Whether you love, enjoy or simply tolerate your job, you’re probably still looking for ways to make it easier and more fun. Of course, a healthy work-life balance is essential, as is feeling appreciated and recognised for your contribution. But according to a series of polls by Gallup from the past few years, the most consistent key to job engagement and happiness is, in fact, office friendships.

“Our research has repeatedly shown a concrete link between having a best friend at work and the amount of effort employees expend in their job,” Gallup’s latest study declared. And the numbers don’t lie. Gallup found that when 60% of employees in a company have a work best friend, safety incidents decreased by 36%, customer engagement increased by 7% and profits increased by 12%. 

“Considering we now spend between 30-45 hours working a week on average – either in the office, hybrid or remotely – workplace friendships have become increasingly important for our personal and professional satisfaction and resilience,” agrees Sonya Barlow, a CEO, career coach and content creator.

“Not only is having friends at work or positive connections with colleagues good for your mental and overall wellbeing, it can also help your career,” she explains. “This can be through sharing information, learning from one another, having a confidant or building a network, which brings 80% of opportunities.”

According to Barlow, when we feel unhappy or isolated, we’re more likely to feel less productive and the quality of our work can be impacted. This only leads to a spiral of decreased satisfaction and motivation, which only brings us even closer to the brink of burnout.

“For that reason, we all need support systems,” she says. “Having workplace friendships will make it easier to navigate challenges or any difficulties you might face, from having a bad day to receiving negative feedback about something you sent to your boss.”

If the importance of having someone to chat with or offload to around the office sounds like good news, it is. Making friends in a like-minded workplace should be simple, right? Or at least easier than negotiating a pay rise or getting clear on boundaries with your boss.

However, research also shows that in every aspect of life, but particularly at work, people are lonelier than ever. According to job search platform Glassdoor, things are looking especially stark for employees at the start of their careers. Its study found that almost six in 10 employees with less than five years of work experience are lonely all or most of the time at work, while 47% of those surveyed with six to 10 years under their belts felt this way too. 34% of employees under 35 said they would like to socialise more with their colleagues, while 18% of the workers surveyed said they haven’t socialised with anyone they work with in the last year. 

Making friends in a like-minded workplace should be simple, right? Or at least easier than negotiating a pay rise or getting clear on boundaries with your boss

So whether you’re a new joiner or a veteran around the office, there really is no better time than the present to get to know your co-workers better.

But don’t be fooled; it might take some effort. After all, true and fulfilling workplace relationships go beyond after-hours drinks and water cooler conversations, and the shift to hybrid working means less face-to-face contact to help us hit things off.

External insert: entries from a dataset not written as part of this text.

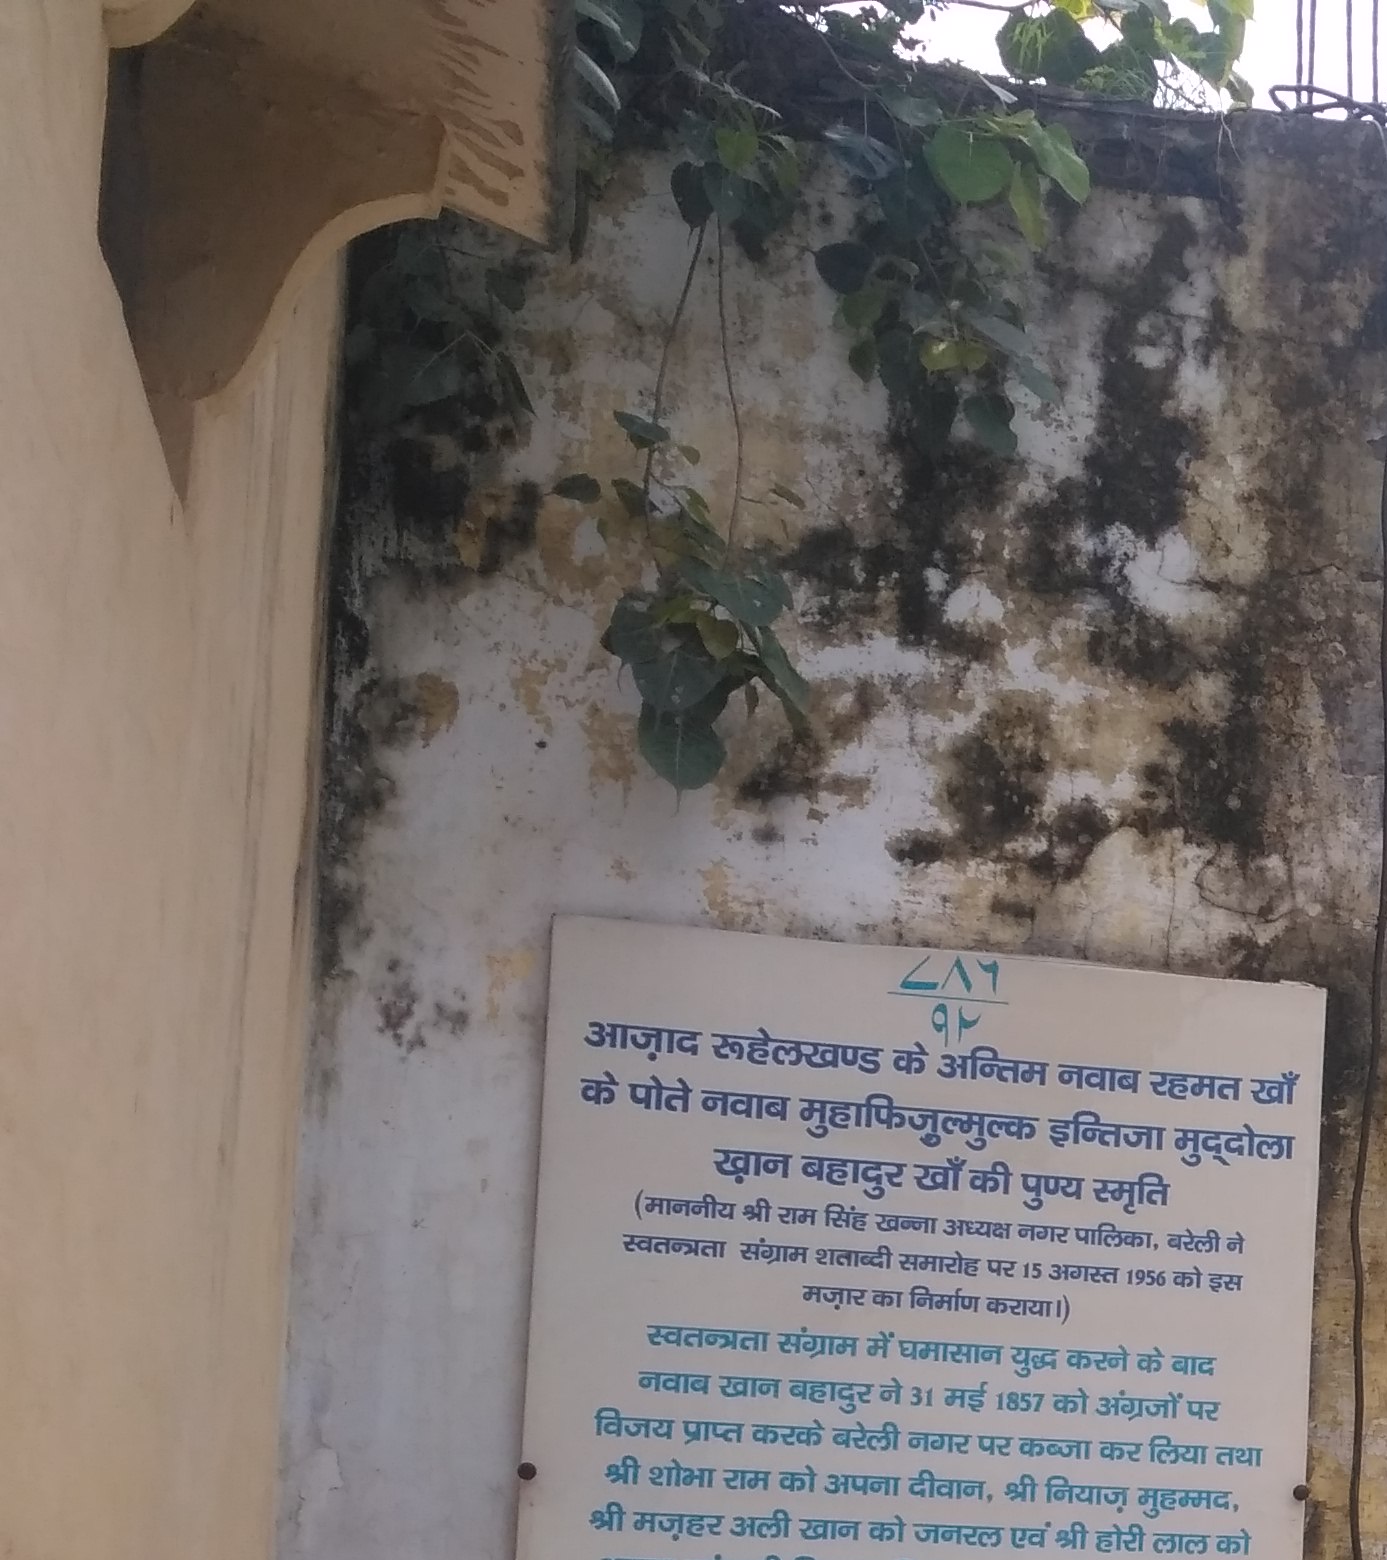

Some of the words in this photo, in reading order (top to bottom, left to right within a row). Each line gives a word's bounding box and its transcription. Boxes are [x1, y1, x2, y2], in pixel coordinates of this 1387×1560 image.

[579, 1069, 620, 1105] के
[626, 1073, 693, 1113] पोते
[699, 1088, 792, 1122] नवाब
[582, 1020, 704, 1062] आज़ाद
[709, 1025, 885, 1075] रूहेलखण्ड
[891, 1040, 930, 1075] के
[935, 1044, 1050, 1086] अन्तिम
[1056, 1062, 1142, 1094] नवाब
[1147, 1070, 1243, 1101] रहमत
[1249, 1069, 1301, 1105] खाँ
[712, 1147, 794, 1185] ख़ान
[799, 1154, 908, 1201] बहादुर
[911, 1156, 968, 1192] खाँ
[967, 1159, 1014, 1195] की
[1019, 1172, 1086, 1211] पुण्य
[1091, 1170, 1171, 1215] स्मृति
[633, 1188, 737, 1221] (माननीय
[740, 1196, 773, 1223] श्री
[776, 1205, 819, 1226] राम
[822, 1201, 870, 1232] सिंह
[873, 1212, 939, 1235] खन्ना
[941, 1218, 1013, 1240] अध्यक्ष
[1016, 1222, 1070, 1244] नगर
[1073, 1221, 1159, 1251] पालिका,
[1165, 1226, 1222, 1254] बरेली
[1225, 1230, 1246, 1255] ने
[801, 1284, 869, 1311] मज़ार
[870, 1288, 905, 1309] का
[907, 1284, 982, 1313] निर्माण
[645, 1323, 770, 1352] स्वतन्त्रता
[776, 1325, 860, 1359] संग्राम
[865, 1330, 895, 1359] में
[897, 1338, 1004, 1365] घमासान
[1009, 1345, 1061, 1378] युद्ध
[1065, 1343, 1131, 1372] करने
[1135, 1345, 1165, 1374] के
[1170, 1354, 1217, 1376] बाद
[603, 1453, 642, 1486] श्री
[647, 1457, 717, 1488] शोभा
[722, 1468, 772, 1491] राम
[777, 1463, 818, 1493] को
[823, 1472, 902, 1497] अपना
[907, 1468, 993, 1503] दीवान,
[1003, 1472, 1039, 1503] श्री
[1043, 1474, 1130, 1514] नियाज़
[1136, 1486, 1239, 1520] मुहम्मद,

“Fostering a workplace friendship is similar to nurturing a childhood or school friendship,” explains Barlow. “The first thing would be not to force it. Instead, try to find common interests with the people you work closely with. Sometimes just finding out that you and a colleague are fans of the same show or hobby is a good start to talking about things beyond work matters.”

However, she stresses that you must step out of your comfort zone in order to foster positive workplace relationships. What begins with small talk in the lift should later progress into lunches, social gatherings and volunteering in initiatives that interest you so you can find people to connect with. 

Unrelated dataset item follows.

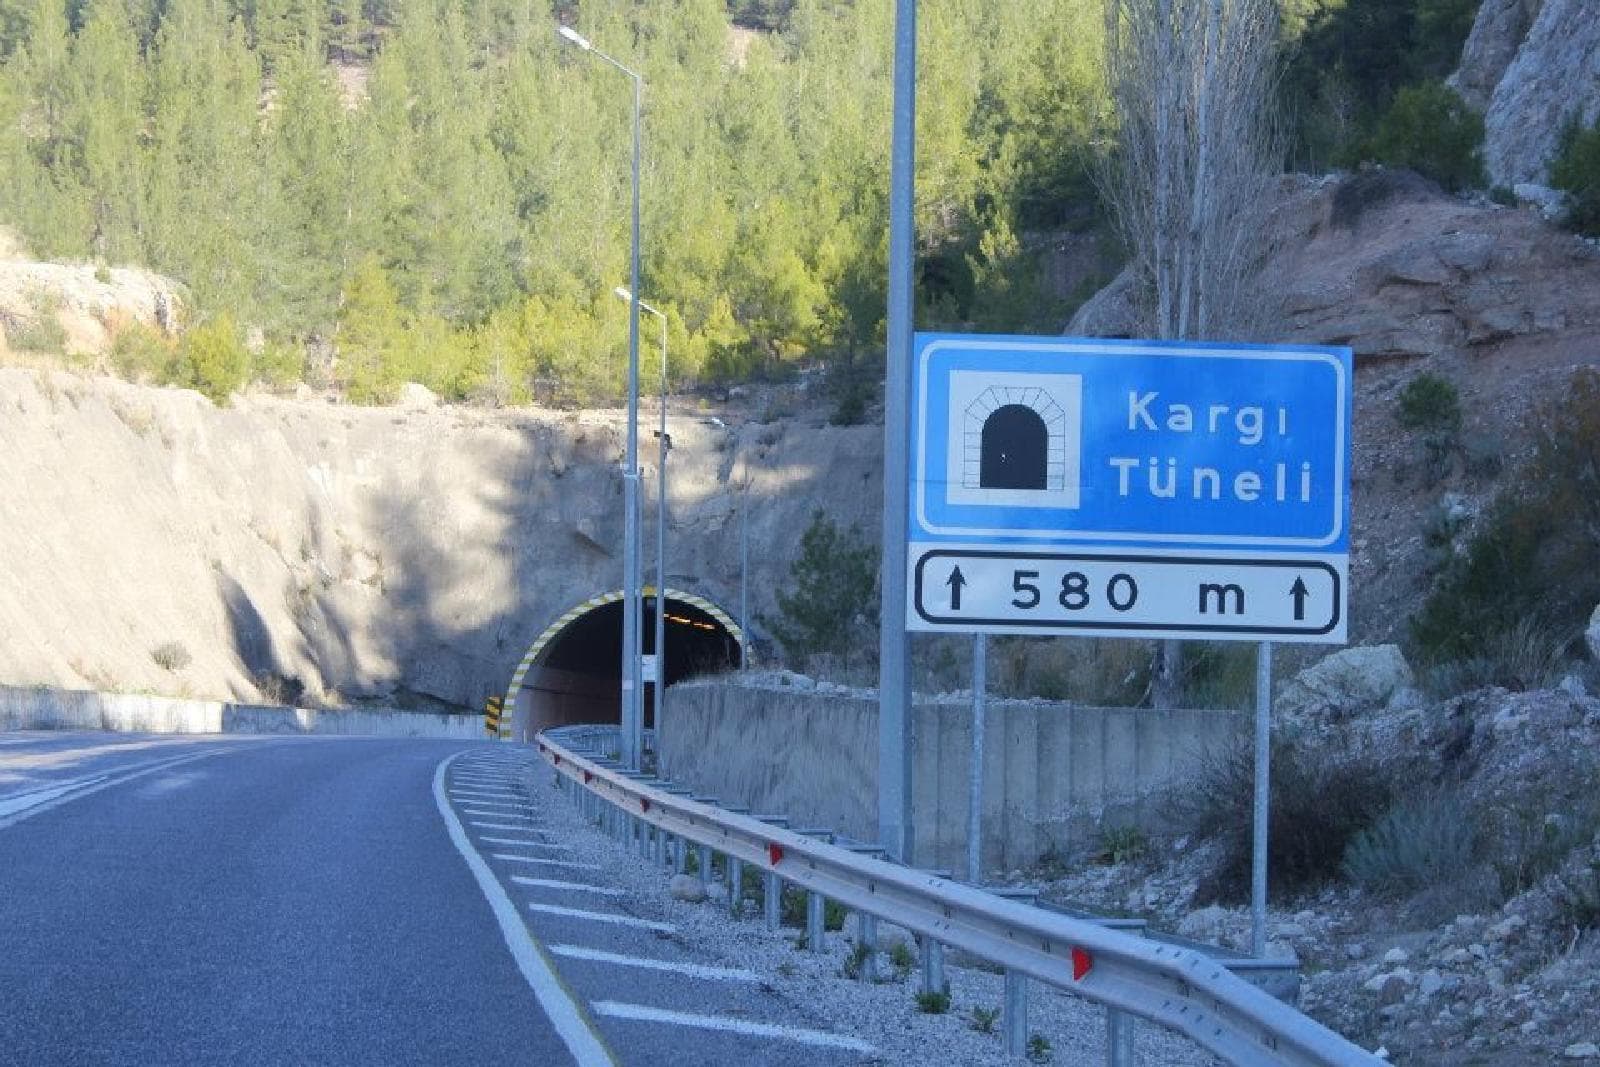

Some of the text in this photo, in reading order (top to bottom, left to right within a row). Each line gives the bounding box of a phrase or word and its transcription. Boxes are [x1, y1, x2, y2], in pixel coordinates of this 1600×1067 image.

[1128, 390, 1286, 446] Kargı
[1109, 456, 1310, 503] Tüneli
[1011, 569, 1245, 615] 580 m

Whether online or IRL, office friendships are important

Credit: Getty

There is, also, one more important thing to remember: boundaries. After all, as fun as a work buddy might be, no one wants to fall into the trap of overstepping the line between pals and professionals.

As Barlow advises, the key is being honest with who you are, what you want and how someone can accommodate you to make you feel wanted. “Boundaries can look like setting the scene beforehand, sharing your love language or having an automatic out-of-the-office to clear communication with people when things cross the line,” she says.

Ultimately, to maintain genuine workplace friendships, Barlow believes that you must align values and interests, especially if you want to keep those friendships when moving to a new role or another company.

“True friendships are built on more just social, casual hangouts, and as you grow, you realise that it’s better to have one solid friend than 10 so-what friends because it’s also difficult maintaining these many friendships with the lack of time and increased life responsibility,” she adds. “If you can set these boundaries beforehand, managing life, work and friendships becomes easier.”